What the exercise asks — The listing below should be reproduced exactly, with the pictures omitted.

....

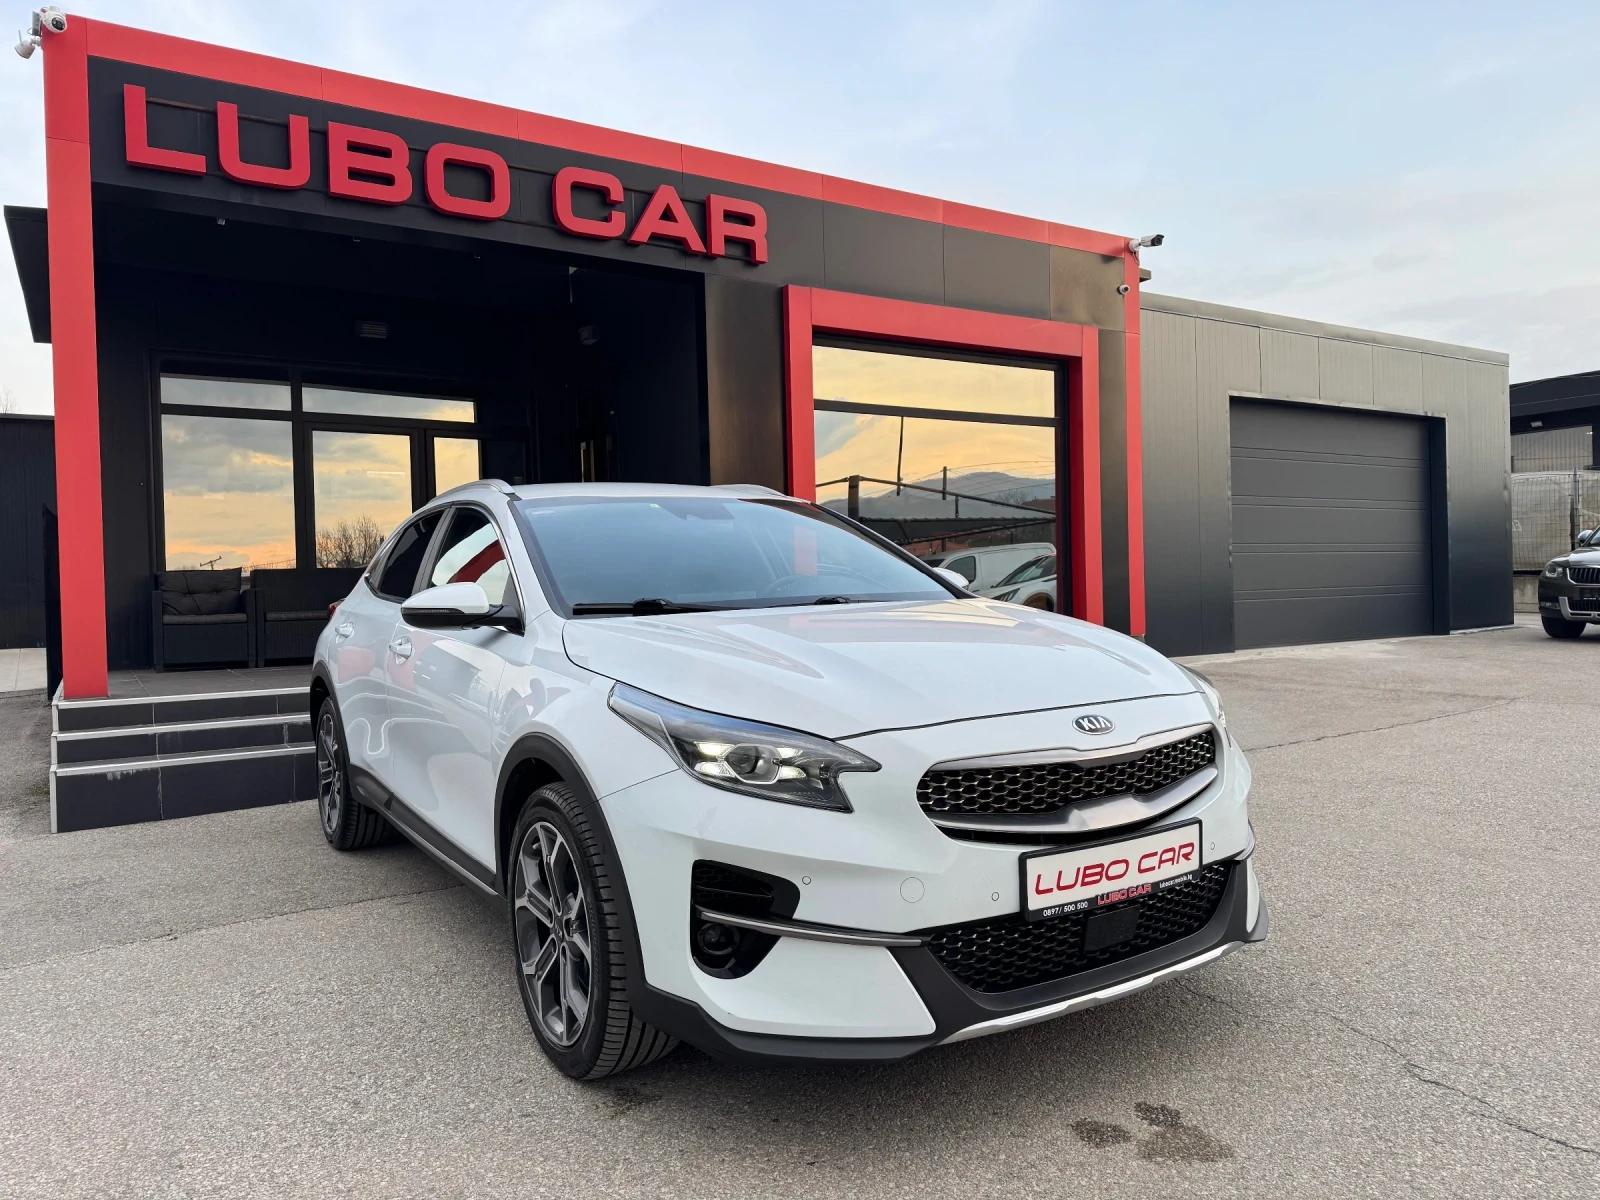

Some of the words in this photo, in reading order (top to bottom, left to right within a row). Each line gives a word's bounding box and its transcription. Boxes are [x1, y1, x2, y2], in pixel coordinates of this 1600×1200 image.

[123, 83, 511, 220] LUBO
[552, 166, 768, 264] CAR
[1077, 716, 1112, 730] KIA
[1034, 859, 1130, 896] LUBO
[1137, 841, 1195, 874] CAR
[1097, 887, 1128, 906] LUBO
[1128, 883, 1152, 897] CAR
[1063, 903, 1076, 914] 500
[1076, 901, 1088, 911] 500

....

Task output —
Some of the words in this photo, in reading order (top to bottom, left to right within a row). Each line gives a word's bounding box and its transcription. Boxes are [x1, y1, x2, y2], in pixel coordinates of this 1600×1200 image.

[123, 83, 511, 220] LUBO
[552, 166, 768, 264] CAR
[1077, 716, 1112, 730] KIA
[1034, 859, 1130, 896] LUBO
[1137, 841, 1195, 874] CAR
[1097, 887, 1128, 906] LUBO
[1128, 883, 1152, 897] CAR
[1063, 903, 1076, 914] 500
[1076, 901, 1088, 911] 500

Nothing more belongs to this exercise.